À ce titre, je partage votre constat du trop grand nombre d’acteurs intervenant sur le terrain, au plan tant international que local. À cet égard, il a été demandé à Mme Pénicaud, chargée de la fusion, de travailler à une simplification de ces écosystèmes. Il est de la responsabilité de l’État et de l’ensemble des collectivités publiques qui participent à l’effort d’accompagnement des PME à l’international et de développement de l’attractivité de notre territoire pour les investisseurs internationaux de mener ce travail conjoint de mise en cohérence, afin d’éviter une trop grande complexité, qui peut parfois nuire à l’efficacité collective.

J’évoquerai enfin la réduction des crédits dans le projet de loi de finances, qui concerne tous les ministères et vise à respecter nos objectifs de dépense. Pour mon ministère, l’effort est de 20,9 millions d’euros, dont 7,7 millions d’euros au titre du programme 134. Nous sommes en train de répartir précisément cet effort, mais je peux vous assurer qu’il n’aura pas d’incidence sur le FISAC ni sur le financement des pôles de compétitivité.

Je ne reviendrai pas sur le programme 343 « Plan "France très haut débit" » : Axelle Lemaire répondra aux différents points soulevés par les intervenants. Je tiens seulement à vous dire, mesdames, messieurs les sénateurs, que nous sommes l’un et l’autre extrêmement vigilants sur le respect tant des engagements budgétaires que des objectifs. Cette vigilance vaut non seulement pour les crédits publics, qui existent bel et bien, mais également pour l’engagement des opérateurs privés, qu’il s’agisse d’Orange ou de SFR-Numericable. Lors du rachat de SFR par Numericable, par exemple, nous avons particulièrement veillé au respect des engagements en matière d’investissements au titre du plan fibre, que les nouveaux actionnaires ont d’ailleurs confirmés.

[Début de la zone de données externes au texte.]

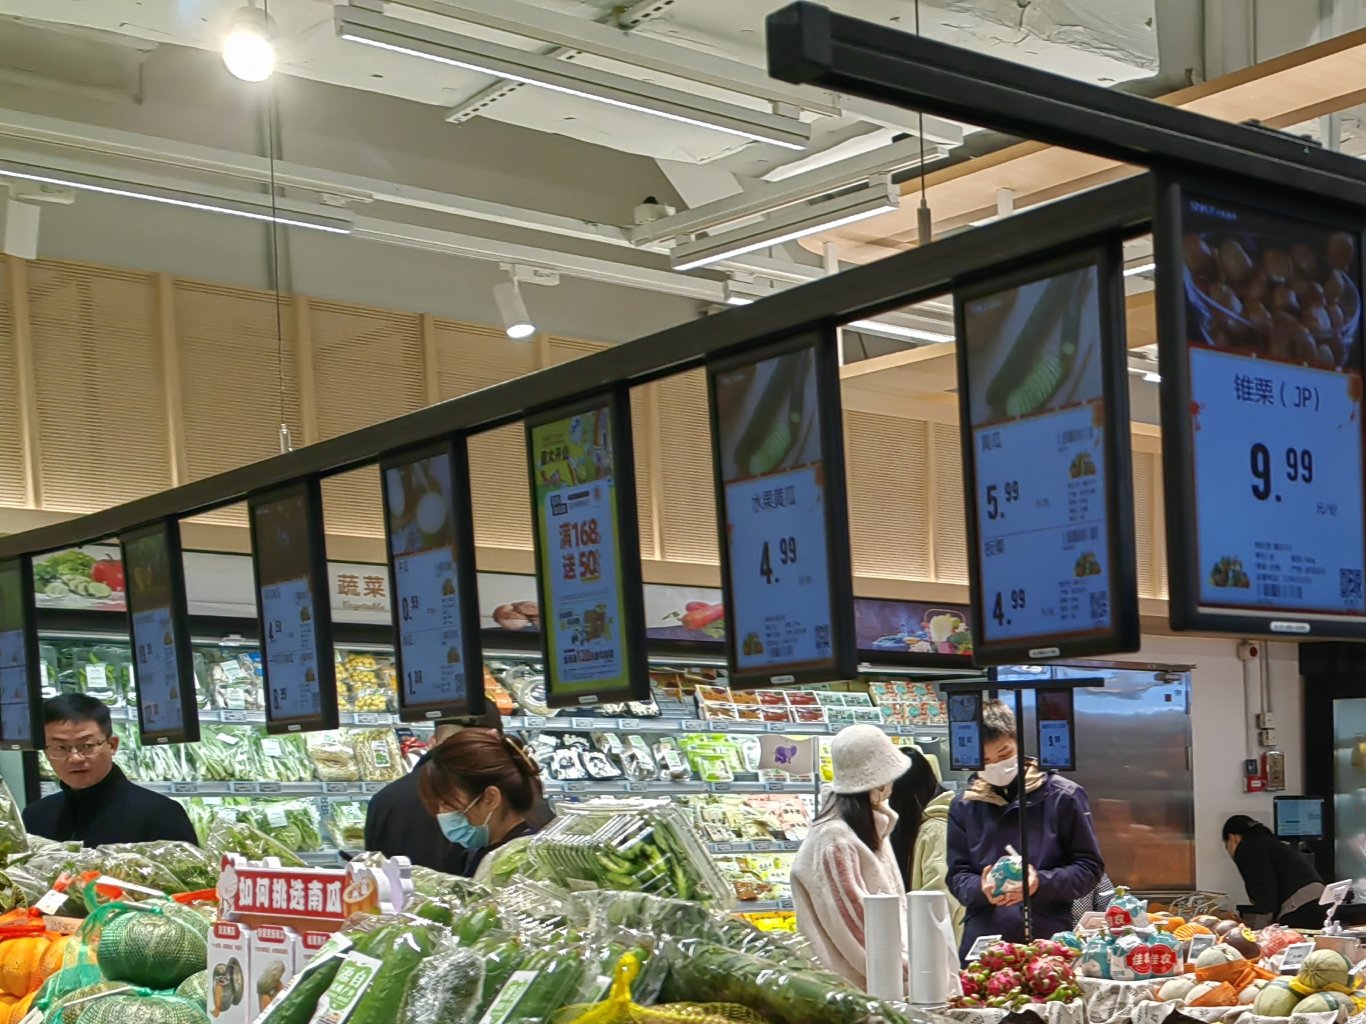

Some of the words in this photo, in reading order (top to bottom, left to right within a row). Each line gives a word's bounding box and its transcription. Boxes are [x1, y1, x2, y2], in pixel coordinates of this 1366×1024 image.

[1250, 442, 1314, 503] 9.99
[986, 480, 1020, 520] 5.99
[759, 536, 798, 585] 4.99
[337, 574, 386, 598] 蔬菜
[992, 589, 1026, 636] 4.99
[238, 876, 343, 914] 如何挑选南瓜

Deux autres programmes, le programme 220, « Statistiques et études économiques », et le programme 305, « Stratégie économique et fiscale », qui n’ont pas appelé beaucoup de remarques, sont rattachés à la mission « Économie » et placés sous la responsabilité du ministre des finances et des comptes publics.

Les plafonds d’effectifs du programme 305 baisseront faiblement en 2015, de 13 ETP sur un total de 1 700 agents. Cette évolution est cohérente avec la stabilisation du réseau international de la direction générale du Trésor, après des années de restructuration.

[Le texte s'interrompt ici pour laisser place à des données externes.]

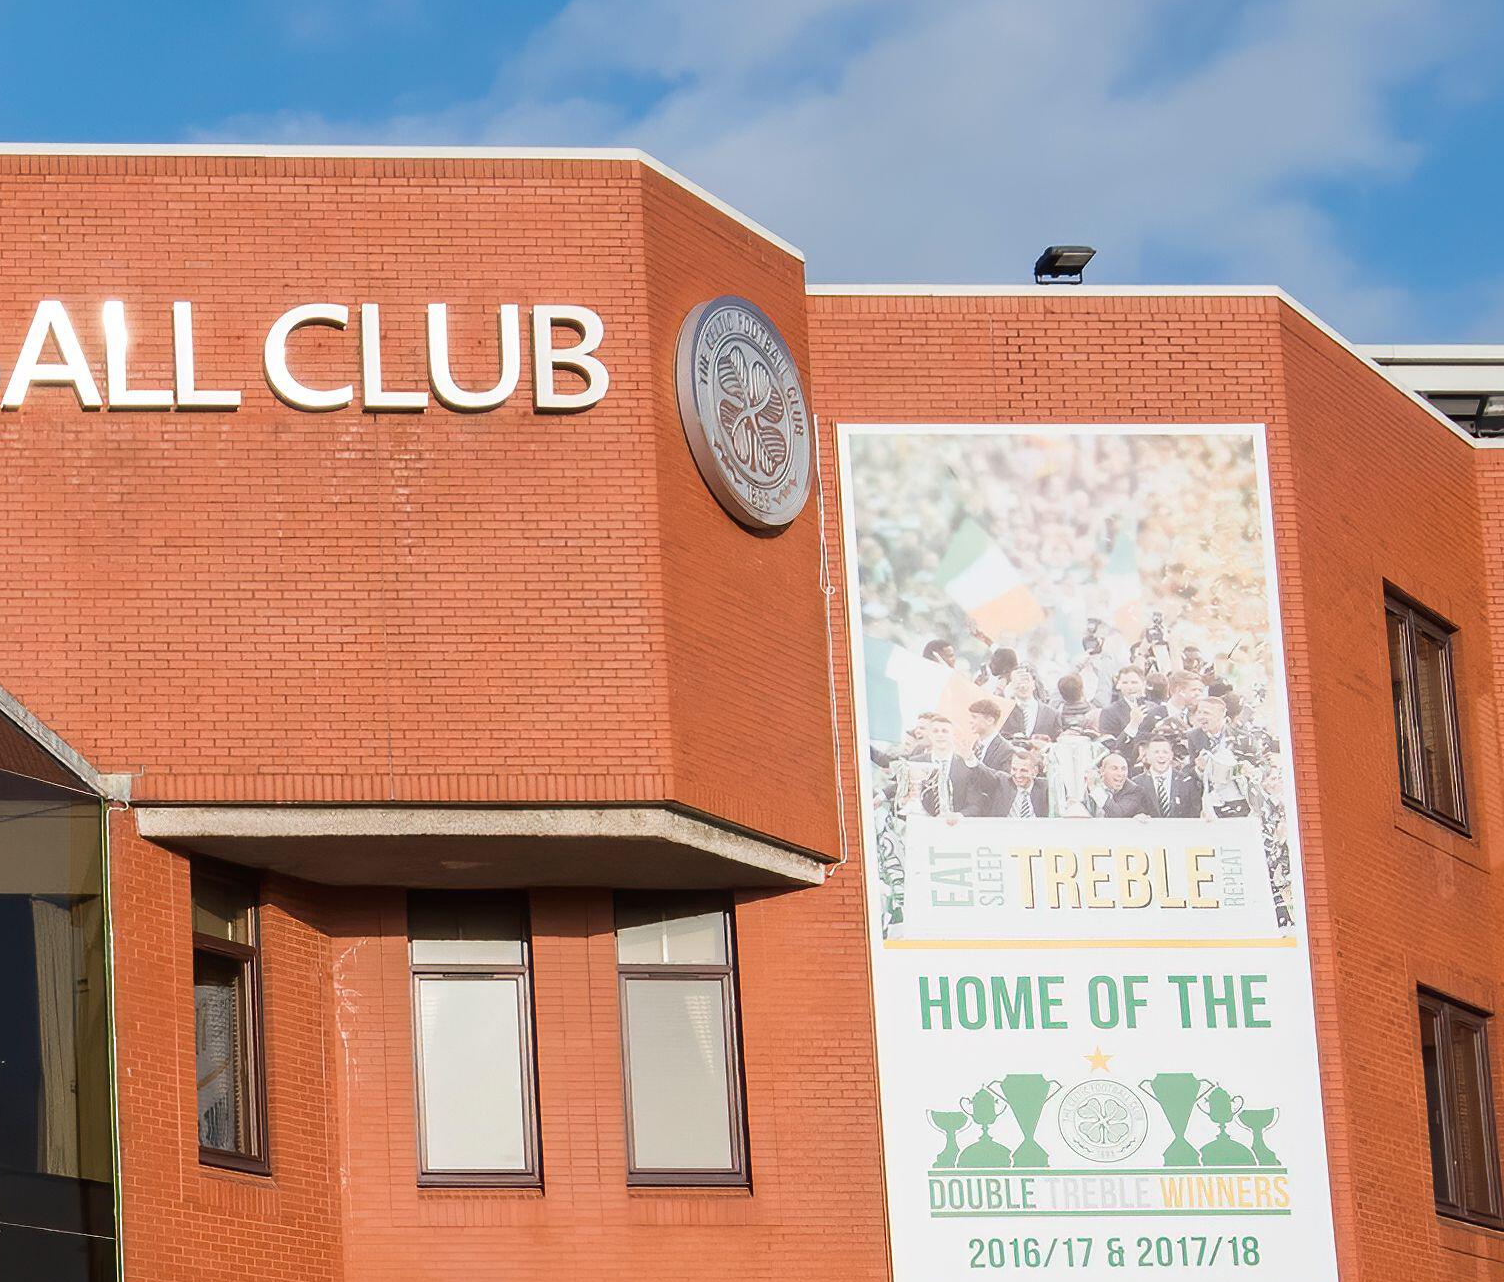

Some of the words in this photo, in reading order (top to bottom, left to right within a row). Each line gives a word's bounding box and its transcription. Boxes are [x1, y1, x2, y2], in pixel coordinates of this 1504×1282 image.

[262, 301, 610, 414] CLUB
[931, 846, 975, 907] EAT
[979, 846, 1005, 907] SLEEP
[1010, 846, 1220, 909] TREBLE
[1220, 845, 1246, 907] REPEAT
[918, 975, 1069, 1030] HOME
[1088, 975, 1149, 1029] OF
[1167, 974, 1272, 1029] THE
[928, 1177, 1037, 1210] DOUBLE
[1044, 1177, 1150, 1209] TREBLE
[1159, 1175, 1290, 1209] WINNERS
[968, 1237, 1093, 1268] 2016/17
[1107, 1237, 1125, 1267] &
[1136, 1236, 1260, 1267] 2017/18

S’agissant de l’INSEE, le Gouvernement propose une diminution des crédits de 353 millions d’euros en 2014 à 345 millions d’euros en 2015. Mais le rythme de réduction des effectifs sera sensiblement allégé, ce qui permettra de poursuivre dans de bonnes conditions le regroupement à Metz d’activités aujourd’hui dispersées dans le réseau régional.

Je tiens à redire devant vous, mesdames, messieurs les sénateurs, que le CICE n’a pas vocation à déclencher des contrôles fiscaux, à la différence du crédit d’impôt recherche, qui donne lieu à de multiples contrôles. Le CICE est un instrument simple, reconnu comme tel. Les rapports parlementaires ou d’experts ont montré qu’il était largement utilisé,…

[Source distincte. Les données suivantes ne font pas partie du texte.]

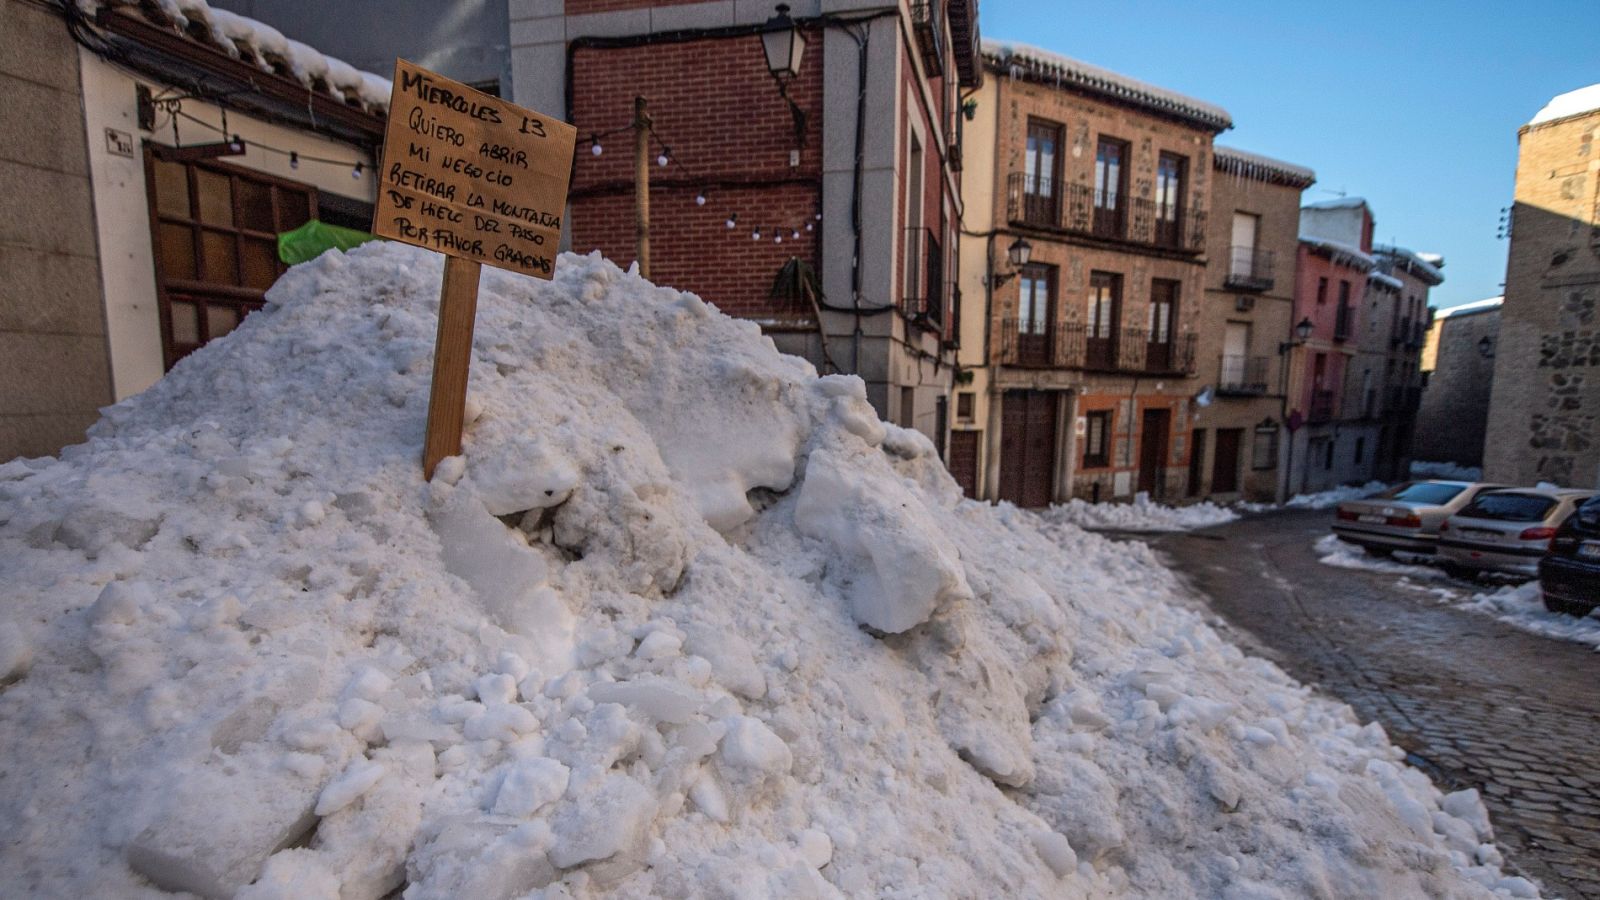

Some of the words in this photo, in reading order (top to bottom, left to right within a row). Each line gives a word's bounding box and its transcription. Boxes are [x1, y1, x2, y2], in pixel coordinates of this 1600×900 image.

[401, 70, 502, 124] MIERCOLES
[518, 117, 546, 138] 13
[409, 107, 465, 147] QUIERO
[479, 143, 529, 168] ABRIR
[410, 143, 430, 162] MI
[442, 158, 512, 186] NEGOCIO
[387, 190, 411, 208] DE
[475, 216, 501, 233] DEL
[509, 223, 544, 245] PASO
[390, 163, 455, 200] RETIRAR
[467, 193, 484, 207] LA
[493, 199, 560, 230] MONTAÑA
[394, 217, 428, 240] POR
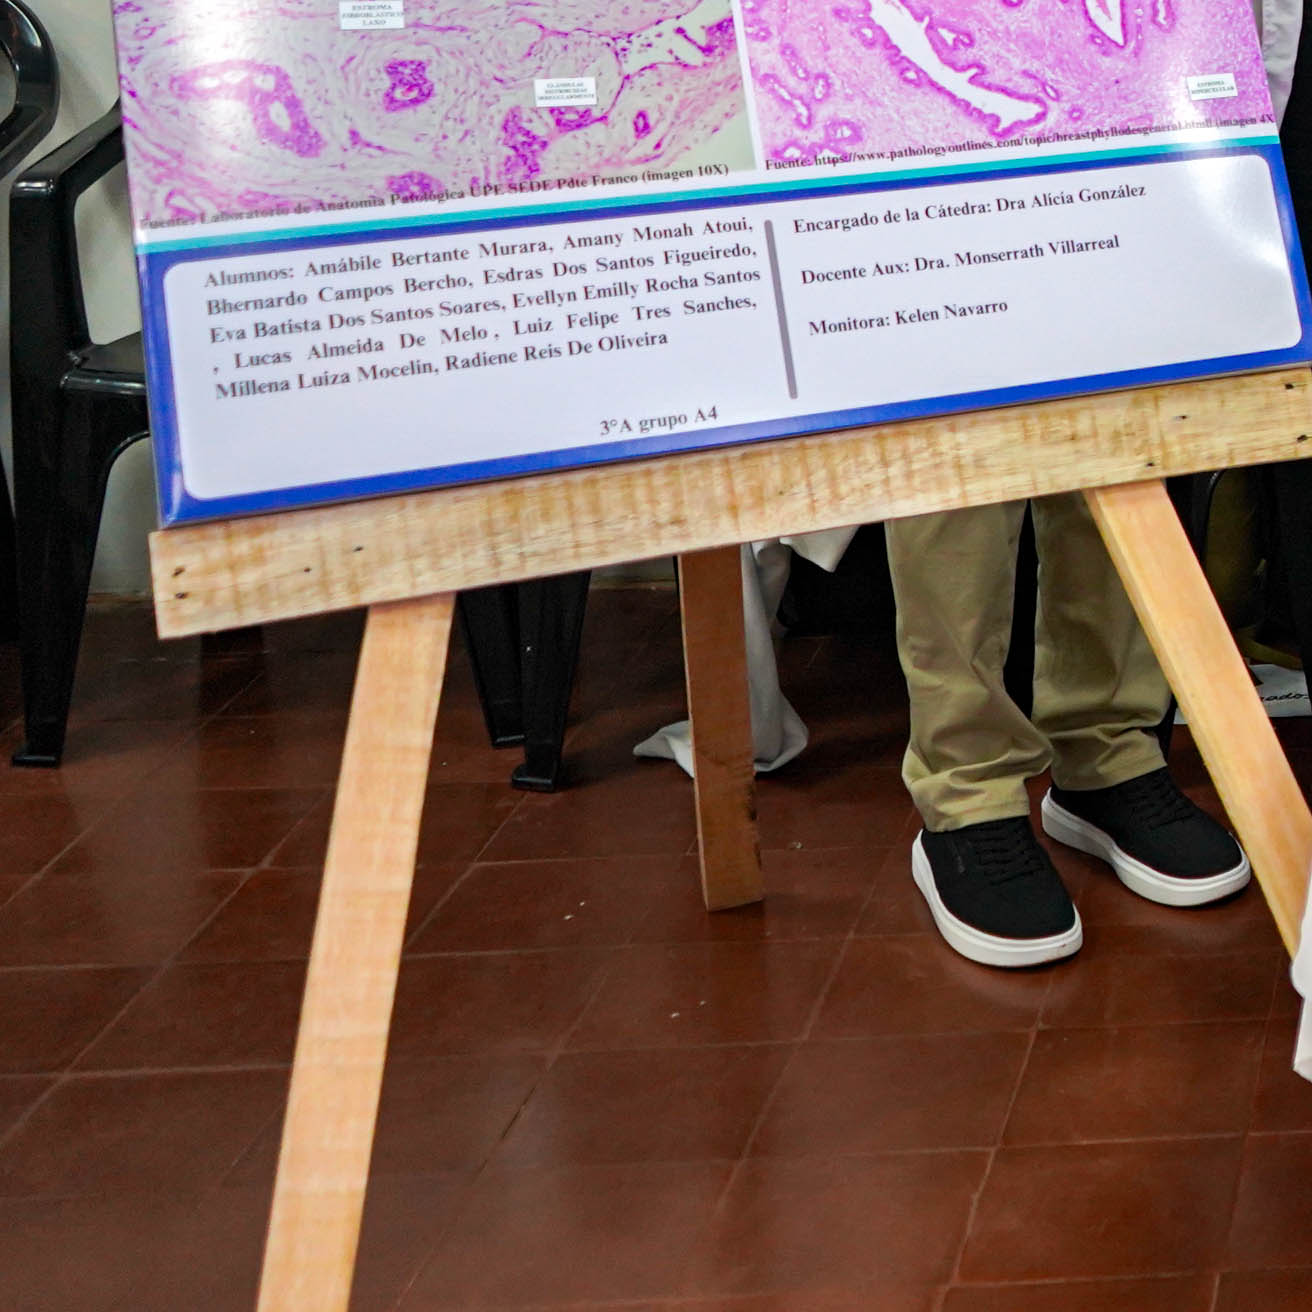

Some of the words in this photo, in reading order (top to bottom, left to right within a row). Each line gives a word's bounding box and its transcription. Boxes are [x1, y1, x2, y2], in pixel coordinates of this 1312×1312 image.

[794, 212, 879, 233] Encargado
[884, 209, 901, 224] de
[906, 208, 920, 221] la
[925, 201, 992, 219] Cátedra:
[997, 198, 1026, 212] Dra
[1030, 192, 1075, 208] Alicia
[1079, 184, 1146, 202] González
[207, 268, 294, 286] Alumnos:
[304, 256, 382, 276] Amábile
[392, 249, 470, 267] Bertante
[478, 241, 554, 257] Murara,
[562, 234, 623, 249] Amany
[632, 222, 694, 241] Monah
[702, 216, 753, 234] Atoui,
[208, 291, 308, 315] Bhernardo
[318, 285, 394, 302] Campos
[404, 274, 473, 293] Bercho,
[484, 267, 544, 284] Esdras
[553, 262, 588, 277] Dos
[596, 256, 655, 272] Santos
[664, 243, 757, 266] Figueiredo,
[802, 267, 867, 284] Docente
[872, 263, 910, 275] Aux:
[915, 257, 950, 271] Dra.
[953, 244, 1044, 265] Monserrath
[1049, 235, 1120, 254] Villarreal
[211, 327, 247, 344] Eva
[254, 319, 322, 338] Batista
[329, 313, 366, 329] Dos
[371, 308, 434, 324] Santos
[440, 300, 506, 316] Soares,
[513, 289, 577, 308] Evellyn
[584, 281, 637, 300] Emilly
[646, 275, 699, 293] Rocha
[704, 271, 761, 286] Santos
[235, 351, 292, 369] Lucas
[307, 338, 384, 359] Almeida
[400, 333, 426, 349] De
[439, 325, 488, 342] Melo
[514, 317, 553, 335] Luiz
[567, 311, 619, 329] Felipe
[632, 305, 672, 321] Tres
[683, 295, 757, 315] Sanches,
[808, 316, 890, 334] Monitora:
[896, 308, 940, 325] Kelen
[944, 302, 1008, 318] Navarro
[215, 379, 291, 397] Millena
[299, 370, 351, 389] Luiza
[356, 360, 439, 380] Mocelin,
[446, 352, 518, 371] Radiene
[524, 343, 562, 361] Reis
[568, 340, 593, 356] De
[598, 331, 668, 351] Oliveira
[639, 414, 688, 433] grupo
[694, 405, 718, 422] A4

M. Michel Canevet. Ce n’est pas évident…

M. Emmanuel Macron, ministre. … même s’il faut encore aller plus loin, pour qu’il soit pleinement pris en compte par toutes les entreprises. Je l’ai dit, il profite aux deux tiers aux PME.

Quant à la grande distribution, compte tenu des fiscalités additionnelles décidées pour ce secteur, je ne crois pas qu’elle soit aussi gagnante que certains d’entre vous le pensent. (Murmures sur les travées de l’UMP.)

Il appartient à chaque filière d’organiser la répartition du CICE, qui a vocation à financer de l’emploi et de l’investissement.

M. Michel Canevet. Cela ne marche pas !

Mme Michèle André, présidente de la commission des finances. Si, ça marche !

M. Emmanuel Macron, ministre. C’est le cas la plupart du temps ; les premières évaluations vont dans ce sens.

Les entreprises qui travaillent sur le territoire national au sein d’une filière peuvent répercuter sur les prix les efforts consentis. Cela dépend des discussions menées au sein des branches. Je le répète, les premières évaluations objectives réalisées sont plus encourageantes que les constats qui ont pu être dressés par certains d’entre vous. Il faut donner de la stabilité à cet instrument, le conforter dans sa simplicité.

Pour ce qui concerne le Fonds de développement économique et social, le FDES, l’abondement exceptionnel de 300 millions d’euros en autorisations d’engagement en 2014, contre 10 millions d’euros en 2013, se justifiait par la volonté de l’État d’aider les entreprises en difficulté, dans des situations de crise. De nouveaux prêts potentiellement importants sont à prévoir. Le montant en autorisations d’engagement est fixé à 200 millions d’euros en 2015, compte tenu de l’utilisation des crédits en 2014. Le FDES reste un outil important, au moyen duquel nous voulons continuer à agir dans les situations de crise et de grande difficulté.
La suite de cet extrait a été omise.